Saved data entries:
* * * * * * *

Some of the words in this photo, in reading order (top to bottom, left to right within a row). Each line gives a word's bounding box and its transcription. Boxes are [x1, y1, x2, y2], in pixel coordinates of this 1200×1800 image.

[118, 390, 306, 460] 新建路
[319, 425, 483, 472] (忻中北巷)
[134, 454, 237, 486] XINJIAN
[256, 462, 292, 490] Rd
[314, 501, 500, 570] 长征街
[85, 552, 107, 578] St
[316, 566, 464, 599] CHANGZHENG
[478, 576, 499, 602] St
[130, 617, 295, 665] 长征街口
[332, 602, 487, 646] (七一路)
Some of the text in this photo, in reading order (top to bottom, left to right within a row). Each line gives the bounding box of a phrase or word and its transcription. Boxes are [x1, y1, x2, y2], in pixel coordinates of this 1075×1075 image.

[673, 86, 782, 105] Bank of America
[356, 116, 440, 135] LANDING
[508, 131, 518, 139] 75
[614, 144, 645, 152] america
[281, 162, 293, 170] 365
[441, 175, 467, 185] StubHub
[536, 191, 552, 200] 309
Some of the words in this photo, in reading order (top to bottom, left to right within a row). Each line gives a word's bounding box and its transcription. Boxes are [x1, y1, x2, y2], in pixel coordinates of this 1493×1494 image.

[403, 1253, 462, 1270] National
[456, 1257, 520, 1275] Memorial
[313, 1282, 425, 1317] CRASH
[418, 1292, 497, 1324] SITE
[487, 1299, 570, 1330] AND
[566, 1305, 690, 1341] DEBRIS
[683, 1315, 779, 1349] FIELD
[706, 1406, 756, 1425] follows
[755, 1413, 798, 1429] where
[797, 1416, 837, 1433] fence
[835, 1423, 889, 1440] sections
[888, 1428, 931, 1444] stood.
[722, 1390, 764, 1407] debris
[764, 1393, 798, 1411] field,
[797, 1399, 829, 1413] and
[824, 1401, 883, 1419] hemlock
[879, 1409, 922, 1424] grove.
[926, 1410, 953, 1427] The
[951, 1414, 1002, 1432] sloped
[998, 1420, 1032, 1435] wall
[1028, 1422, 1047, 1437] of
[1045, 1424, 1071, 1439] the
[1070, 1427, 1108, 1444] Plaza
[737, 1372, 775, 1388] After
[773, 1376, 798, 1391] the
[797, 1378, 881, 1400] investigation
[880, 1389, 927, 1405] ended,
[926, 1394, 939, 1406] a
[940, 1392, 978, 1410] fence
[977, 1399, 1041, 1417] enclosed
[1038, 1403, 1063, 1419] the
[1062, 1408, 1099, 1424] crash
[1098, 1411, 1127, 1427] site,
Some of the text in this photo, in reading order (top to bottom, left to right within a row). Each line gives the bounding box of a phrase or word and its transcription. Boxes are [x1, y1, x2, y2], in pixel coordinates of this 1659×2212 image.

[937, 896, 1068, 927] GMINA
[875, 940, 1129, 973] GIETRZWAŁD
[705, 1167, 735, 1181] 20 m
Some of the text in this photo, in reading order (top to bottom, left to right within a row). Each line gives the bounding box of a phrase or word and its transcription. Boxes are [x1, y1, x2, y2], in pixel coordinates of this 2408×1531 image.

* * * * * * *

**Exercise description**
Print the data again exactly.

**Output for this task**
Some of the words in this photo, in reading order (top to bottom, left to right within a row). Each line gives a word's bounding box and its transcription. Boxes are [x1, y1, x2, y2], in pixel coordinates of this 1200×1800 image.

[118, 390, 306, 460] 新建路
[319, 425, 483, 472] (忻中北巷)
[134, 454, 237, 486] XINJIAN
[256, 462, 292, 490] Rd
[314, 501, 500, 570] 长征街
[85, 552, 107, 578] St
[316, 566, 464, 599] CHANGZHENG
[478, 576, 499, 602] St
[130, 617, 295, 665] 长征街口
[332, 602, 487, 646] (七一路)
Some of the text in this photo, in reading order (top to bottom, left to right within a row). Each line gives the bounding box of a phrase or word and its transcription. Boxes are [x1, y1, x2, y2], in pixel coordinates of this 1075×1075 image.

[673, 86, 782, 105] Bank of America
[356, 116, 440, 135] LANDING
[508, 131, 518, 139] 75
[614, 144, 645, 152] america
[281, 162, 293, 170] 365
[441, 175, 467, 185] StubHub
[536, 191, 552, 200] 309
Some of the words in this photo, in reading order (top to bottom, left to right within a row). Each line gives a word's bounding box and its transcription. Boxes are [x1, y1, x2, y2], in pixel coordinates of this 1493×1494 image.

[403, 1253, 462, 1270] National
[456, 1257, 520, 1275] Memorial
[313, 1282, 425, 1317] CRASH
[418, 1292, 497, 1324] SITE
[487, 1299, 570, 1330] AND
[566, 1305, 690, 1341] DEBRIS
[683, 1315, 779, 1349] FIELD
[706, 1406, 756, 1425] follows
[755, 1413, 798, 1429] where
[797, 1416, 837, 1433] fence
[835, 1423, 889, 1440] sections
[888, 1428, 931, 1444] stood.
[722, 1390, 764, 1407] debris
[764, 1393, 798, 1411] field,
[797, 1399, 829, 1413] and
[824, 1401, 883, 1419] hemlock
[879, 1409, 922, 1424] grove.
[926, 1410, 953, 1427] The
[951, 1414, 1002, 1432] sloped
[998, 1420, 1032, 1435] wall
[1028, 1422, 1047, 1437] of
[1045, 1424, 1071, 1439] the
[1070, 1427, 1108, 1444] Plaza
[737, 1372, 775, 1388] After
[773, 1376, 798, 1391] the
[797, 1378, 881, 1400] investigation
[880, 1389, 927, 1405] ended,
[926, 1394, 939, 1406] a
[940, 1392, 978, 1410] fence
[977, 1399, 1041, 1417] enclosed
[1038, 1403, 1063, 1419] the
[1062, 1408, 1099, 1424] crash
[1098, 1411, 1127, 1427] site,
Some of the text in this photo, in reading order (top to bottom, left to right within a row). Each line gives the bounding box of a phrase or word and its transcription. Boxes are [x1, y1, x2, y2], in pixel coordinates of this 1659×2212 image.

[937, 896, 1068, 927] GMINA
[875, 940, 1129, 973] GIETRZWAŁD
[705, 1167, 735, 1181] 20 m
Some of the text in this photo, in reading order (top to bottom, left to right within a row). Each line gives the bounding box of a phrase or word and its transcription. Boxes are [x1, y1, x2, y2], in pixel coordinates of this 2408×1531 image.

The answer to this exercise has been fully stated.